Figure 4 illustrates the correlation of the total organic carbon (TOC), versus the potential yield (S2) and hydrogen index data among the Wingat-1, Murombe-1 and Moosehead-1 wells. As can be noted, the plot shows, very clearly, the residual character (e.g., a transformation of the original hydrocarbon source potential to hydrocarbons), of the source rocks from the Wingat-1 well, when compared to the original immature organic matter from the Murombe-1 and Moosehead-1 well. Also, the data suggested that the Kudu organic-rich facies became richer and with the best quality in the direction to the Orange Basin (Mello et al., 2022).
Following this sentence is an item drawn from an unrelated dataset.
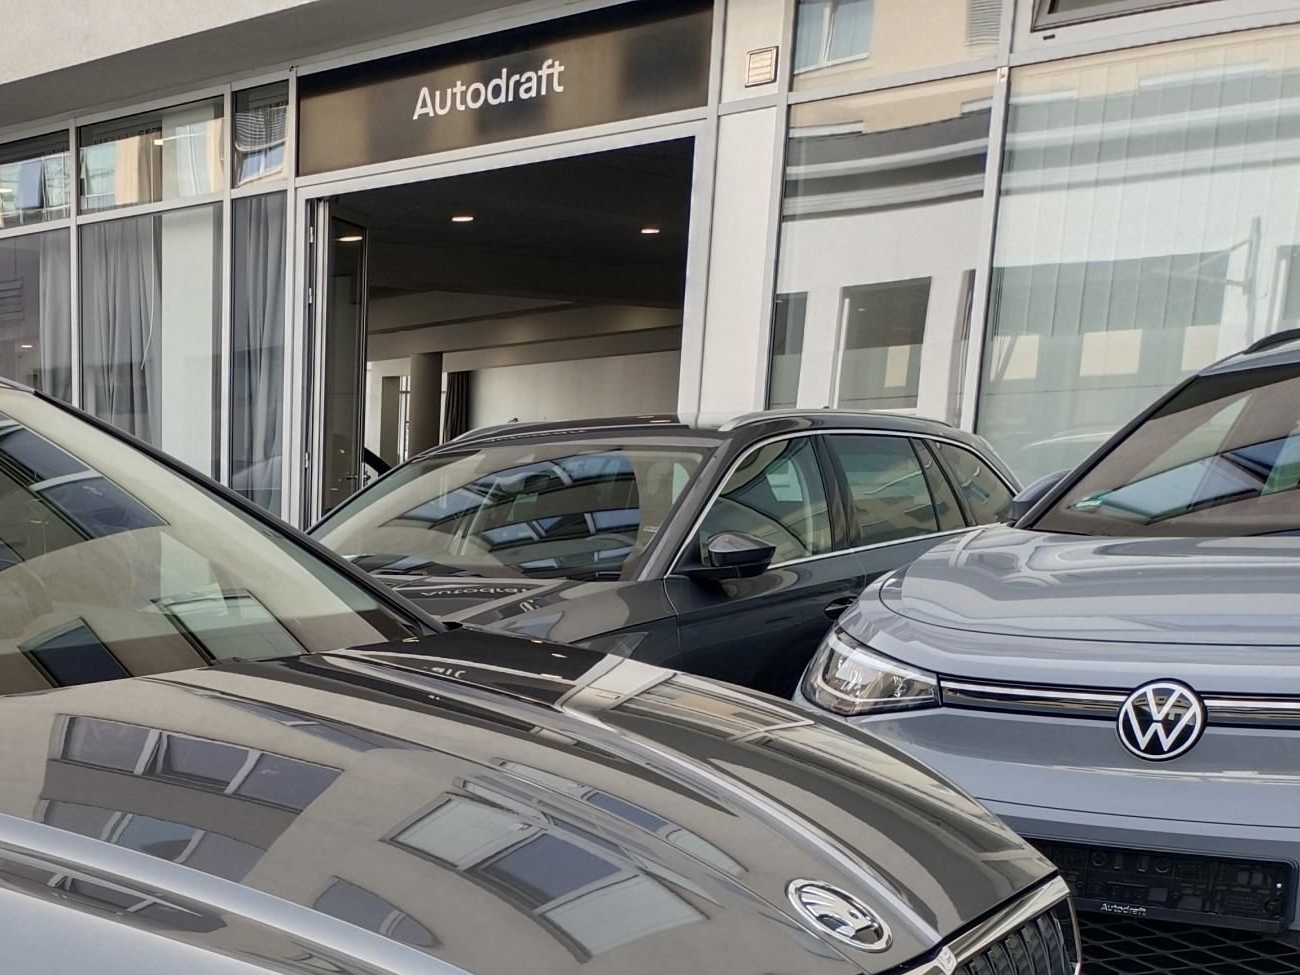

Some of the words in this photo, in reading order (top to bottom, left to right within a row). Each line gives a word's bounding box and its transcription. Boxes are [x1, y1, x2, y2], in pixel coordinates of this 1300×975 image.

[412, 58, 565, 120] Autodraft
[1123, 684, 1198, 756] VW
[1101, 903, 1147, 916] Autodraft
The Wingat-1, Murombe-1 and Mooshead-1 deep-water source rock data, offshore Namibia suggest that the Walvis, Lüderitz, and Orange Basins share almost identical overcharged, oil-prone source rock system, represented by the Aptian to Barremian Kudu Formation. The data indicate that the Kudu organic-rich facies were deposited in a marine anoxic, restricted environment of deposition, where hydrogen-rich kerogen, type II/I algal communities were developed in very high proportions. The presence of such euxinic organic-facies widespread for hundreds of kilometers, from Walvis to Lüderitz up to Orange Basin, for the entire deep to the ultra-deep offshore realm, suggests the presence of a supergiant hydrocarbon source potential for the entire Aptian to Barremian, supergiant petroleum system in the area.
We have predicted a supergiant oil-prone Basin in Namibia, since 2010, and our publications in 2011, 2012, 2015 and several others, confirmed the early data about the supercharged Kudu source rock system. The recent giant and supergiant discoveries of Venus, Graff, La Rona and this week of Jonker is just the point of a gigantic iceberg that will transform Namibia into one of the largest oil province in west Africa.
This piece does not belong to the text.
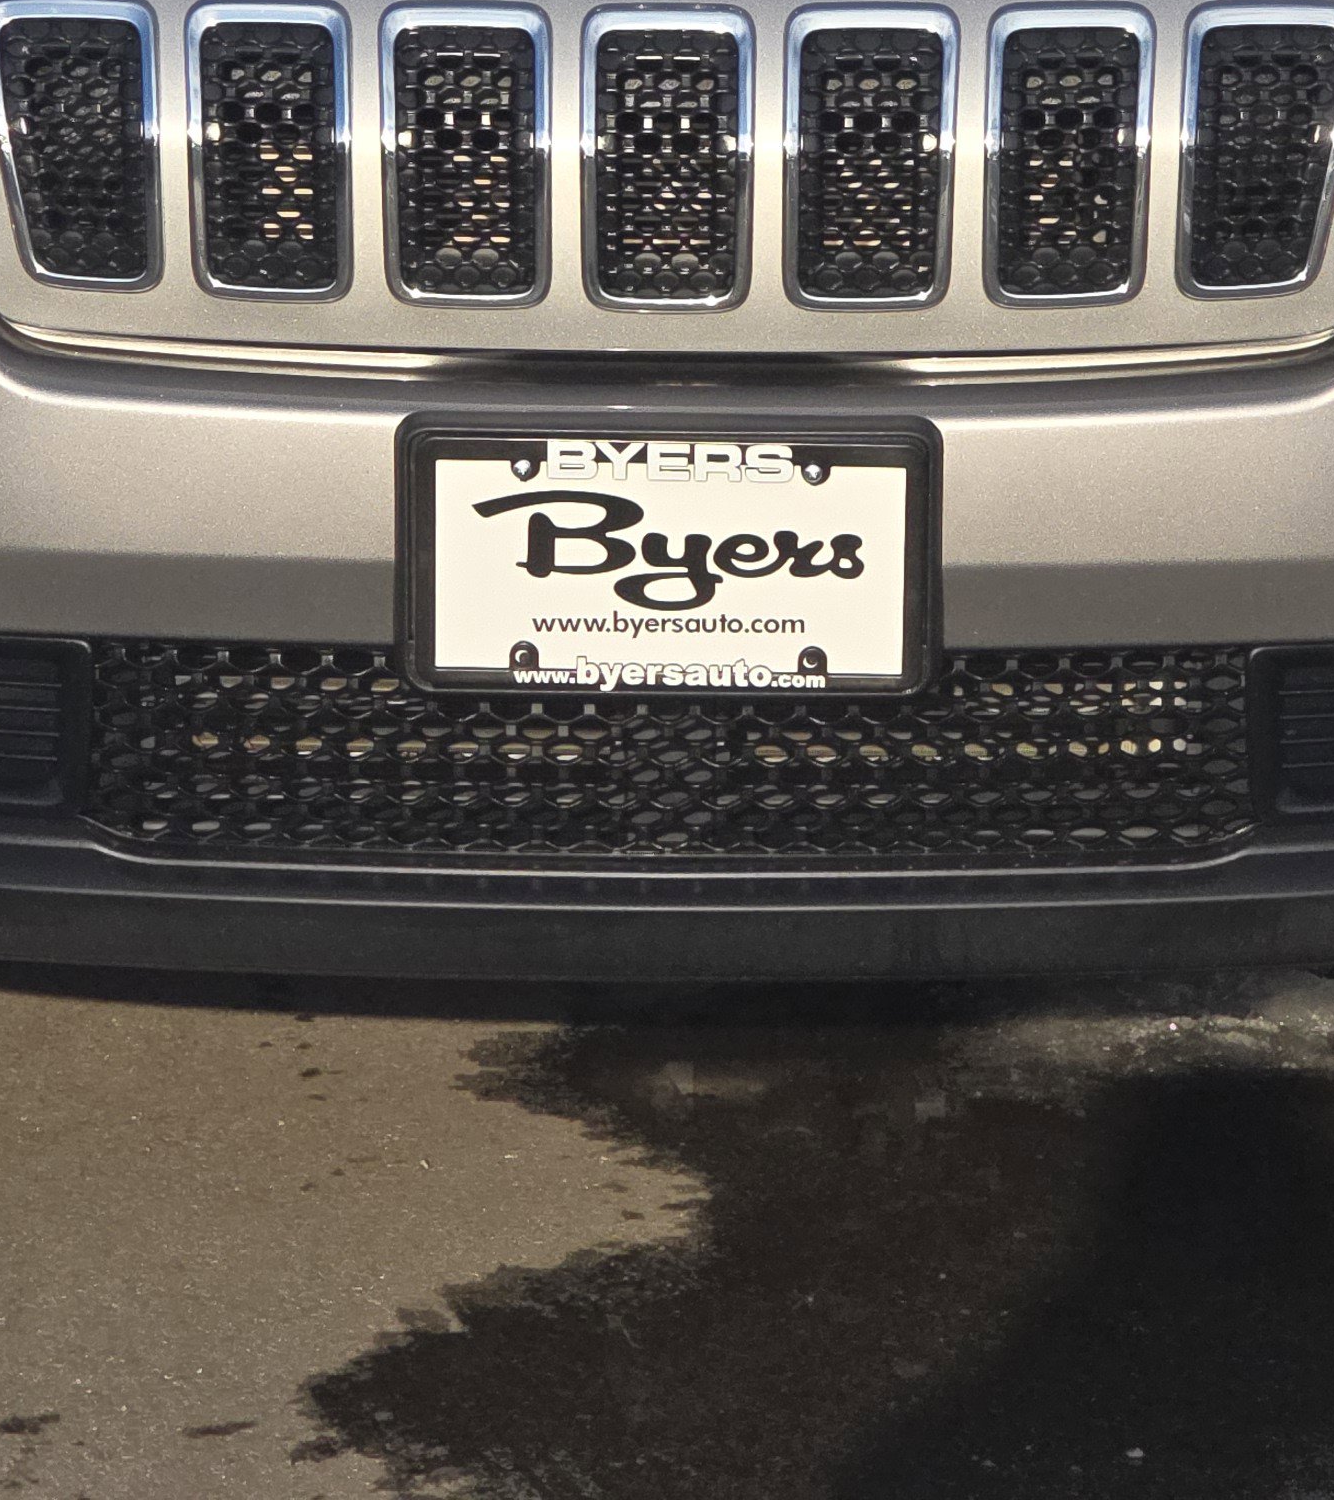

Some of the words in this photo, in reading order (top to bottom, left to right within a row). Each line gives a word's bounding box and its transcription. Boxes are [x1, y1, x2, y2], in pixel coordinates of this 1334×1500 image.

[546, 439, 794, 483] BYERS
[471, 490, 865, 611] Byers
[531, 610, 806, 639] www.byersauto.com
[512, 655, 826, 692] www.byersauto.com
Mello, M.R., N.C. Azambuja Filho, W.U. Mohriak, A.J. Catto, and J.B. Francolin, 2011, Promising Giant New Hydrocarbon Frontier in Namibia Continental Margin: GeoExPro, 8, 64–69.
Mello, M.R., N.C. Azambuja Filho, A.A. Bender, S.M. Barbanti, W.U. Mohriak, P. Schmitt, and C.L.C. Jesus, 2012, The Namibian and Brazilian southern South Atlantic petroleum systems: are they comparable analogues? in W.U. Mohriak, A. Danforth, P.J. Post, D.E. Brown, G.C. Tari, M. Nemcok, and S.T. Sinha, eds., Conjugate Divergent Margins: Geological Society, London, Special Publications, 369, 249–266. First published online March 7, 2013, http://dx.doi.org/ 10.1144/SP369.18.
M.R. Mello, Mohriak, W.U., and W. Peres, 2015, Namibia: The Hunt for Oil and Gas Continues in the Land of Giants: 32nd Annual GCSSEPM Foundation Bob F. Perkins Research Conference, 919–963.
Mello, M.R., 2022. “Offshore Namibia: The sleeping giant deep-water hydrocarbon frontier has awakened”. Poster, IMAGES, 2022-International Meeting for Applied Geoscience & Energy, Houston, August 20–30, Control ID:3745488.